Inventor(s):Wolfgang H. Oertel, Dieter Meier, Baltazar Gomez-Mancilla, Jacques Montplaisir
Assignee: Boehringer Ingelheim Pharma GmbH and Co KG
Application Number:US09/008,212
Patent Claim Types:
see list of patent claims
Use;
Patent landscape, scope, and claims:

US Patent 6,001,861: Scope, Claims, and US Patent Landscape for Restless Legs Syndrome (Pramipexole)

What does US 6,001,861 claim, in scope terms?

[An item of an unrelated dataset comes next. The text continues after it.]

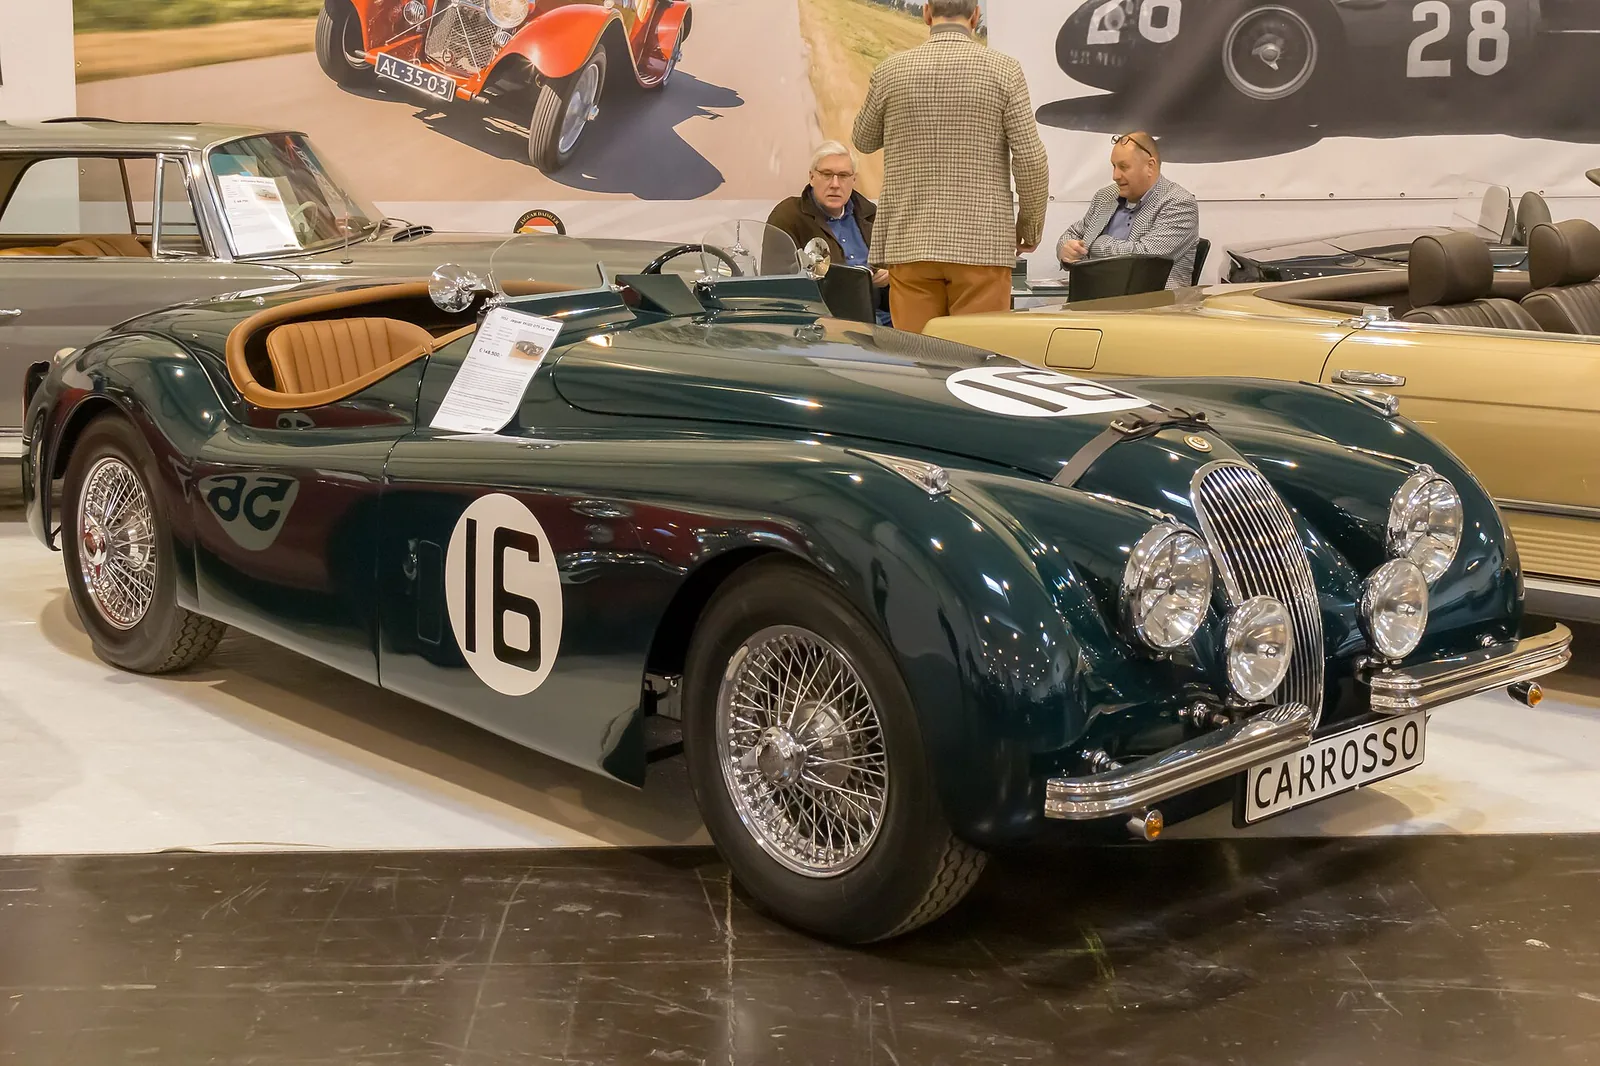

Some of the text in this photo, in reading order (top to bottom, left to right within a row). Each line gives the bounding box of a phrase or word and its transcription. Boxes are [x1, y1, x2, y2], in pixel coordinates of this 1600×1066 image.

US Patent 6,001,861 claims methods of treatment for restless legs syndrome (RLS) using pramipexole and specified forms, including explicit dosing ranges.

Claim set (as provided)

Claim Claim type Subject matter Key limitations
1 Method Administration of 2-amino-6-n-propylamino-4,5,6,7-tetrahydrobenzothiazole; its (-)-enantiomer; and pharmacologically acceptable salts T3: “effective amount” in a patient “suffering from or susceptible to” RLS
2 Method Administration of Pramipexole; dihydrochloride (spelled “dihydrochoride”); and dihydrochloride-(H2O) Uses defined drug forms in the RLS method
3 Method (dependent) Claim 2 dose limitation 0.01–10.0 mg/day
4 Method (dependent) Claim 2 tighter dose limitation 0.75–4.5 mg/day

Practical scope implications

  1. Indication scope: RLS only, framed broadly as “suffering from or susceptible to such condition.” That language captures both manifest disease and preventive/early intervention regimens if they are structured as treatment of RLS or risk states.
  2. Composition scope within a method claim: Claim 1 is structurally drafted and anchored to the benzo-thiazole scaffold and the (-)-enantiomer. Claim 2 then recites pramipexole by name and specific salts/forms, tightening what falls within the claim.
  3. Salt hydrate coverage: Claim 2 includes dihydrochloride-(H2O) (a hydrate form). This matters for landscape mapping because generic developers sometimes substitute salt forms to avoid salt-specific method coverage, though true avoidance is fact- and jurisdiction-dependent at the claim construction stage.
  4. Dose coverage: Claims 3 and 4 define explicit daily dose windows. If a product’s label dose or studied regimen falls inside those ranges, method infringement risk increases, even if the product is “the same API” as a competitor.

How broad is claim 1 compared with claims 2-4?

Claim 1 breadth

Claim 1 is written to cover:

  • The compound: 2-amino-6-n-propylamino-4,5,6,7-tetrahydrobenzothiazole (the pramipexole core identity as written in the claim)
  • The (-)-enantiomer
  • Pharmacologically acceptable salts

This is broad on the chemical identity side because it is not limited to the marketed pramipexole salt alone. It captures any acceptable salt and covers enantiomer-specific activity.

Claim 2-4 breadth relative to claim 1

  • Claim 2 is narrower in that it is tied to pramipexole and specific salt/hydrate forms (dihydrochloride and dihydrochloride-(H2O)).
  • Claims 3 and 4 are narrower still because they add dose ranges.

In infringement strategy terms:

  • A would-be entrant has more ways to design around by changing salt/hydrate form or staying outside dose windows, but the method claim “effective amount” in claim 1 plus the broad chemical/salt language makes those design-arounds less reliable than in patents that limit only a single solid form or single regimen.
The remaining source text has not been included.